Exactly and only the lines from the one with "Some of the text" through the end of the listing are to be transcribed, both ends included.

(Provided material Opens)

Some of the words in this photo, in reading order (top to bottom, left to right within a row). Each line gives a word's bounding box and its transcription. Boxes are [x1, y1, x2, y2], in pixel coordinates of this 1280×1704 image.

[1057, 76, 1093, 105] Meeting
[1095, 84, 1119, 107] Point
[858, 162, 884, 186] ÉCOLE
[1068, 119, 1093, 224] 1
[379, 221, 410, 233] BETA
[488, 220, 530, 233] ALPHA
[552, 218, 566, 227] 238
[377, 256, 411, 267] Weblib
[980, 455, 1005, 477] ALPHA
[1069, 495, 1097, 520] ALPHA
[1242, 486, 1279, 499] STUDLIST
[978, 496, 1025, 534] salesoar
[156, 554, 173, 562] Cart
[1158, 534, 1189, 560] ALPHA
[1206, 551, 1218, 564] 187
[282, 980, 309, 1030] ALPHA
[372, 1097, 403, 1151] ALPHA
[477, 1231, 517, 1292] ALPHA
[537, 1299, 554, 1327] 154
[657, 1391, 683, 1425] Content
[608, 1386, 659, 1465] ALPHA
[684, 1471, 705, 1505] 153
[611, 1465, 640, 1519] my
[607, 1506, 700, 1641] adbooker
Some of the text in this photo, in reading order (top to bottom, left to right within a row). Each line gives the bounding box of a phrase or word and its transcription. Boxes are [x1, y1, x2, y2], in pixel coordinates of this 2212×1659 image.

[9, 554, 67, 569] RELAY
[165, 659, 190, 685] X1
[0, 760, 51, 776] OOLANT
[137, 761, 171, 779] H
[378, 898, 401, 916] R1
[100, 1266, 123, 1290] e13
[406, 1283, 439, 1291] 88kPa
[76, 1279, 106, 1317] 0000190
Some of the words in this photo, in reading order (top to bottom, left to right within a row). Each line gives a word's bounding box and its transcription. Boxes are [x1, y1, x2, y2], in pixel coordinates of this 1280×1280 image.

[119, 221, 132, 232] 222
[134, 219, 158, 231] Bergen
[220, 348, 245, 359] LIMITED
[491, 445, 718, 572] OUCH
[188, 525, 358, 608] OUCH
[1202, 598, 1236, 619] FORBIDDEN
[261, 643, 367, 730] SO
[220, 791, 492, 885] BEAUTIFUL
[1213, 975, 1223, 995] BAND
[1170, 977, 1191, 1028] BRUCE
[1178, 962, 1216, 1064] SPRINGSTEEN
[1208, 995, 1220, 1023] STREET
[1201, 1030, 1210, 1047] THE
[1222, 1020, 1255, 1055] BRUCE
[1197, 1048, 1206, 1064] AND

(Provided material Closes)

-- Problem solution --
Some of the text in this photo, in reading order (top to bottom, left to right within a row). Each line gives the bounding box of a phrase or word and its transcription. Boxes are [x1, y1, x2, y2], in pixel coordinates of this 2212×1659 image.

[9, 554, 67, 569] RELAY
[165, 659, 190, 685] X1
[0, 760, 51, 776] OOLANT
[137, 761, 171, 779] H
[378, 898, 401, 916] R1
[100, 1266, 123, 1290] e13
[406, 1283, 439, 1291] 88kPa
[76, 1279, 106, 1317] 0000190
Some of the words in this photo, in reading order (top to bottom, left to right within a row). Each line gives a word's bounding box and its transcription. Boxes are [x1, y1, x2, y2], in pixel coordinates of this 1280×1280 image.

[119, 221, 132, 232] 222
[134, 219, 158, 231] Bergen
[220, 348, 245, 359] LIMITED
[491, 445, 718, 572] OUCH
[188, 525, 358, 608] OUCH
[1202, 598, 1236, 619] FORBIDDEN
[261, 643, 367, 730] SO
[220, 791, 492, 885] BEAUTIFUL
[1213, 975, 1223, 995] BAND
[1170, 977, 1191, 1028] BRUCE
[1178, 962, 1216, 1064] SPRINGSTEEN
[1208, 995, 1220, 1023] STREET
[1201, 1030, 1210, 1047] THE
[1222, 1020, 1255, 1055] BRUCE
[1197, 1048, 1206, 1064] AND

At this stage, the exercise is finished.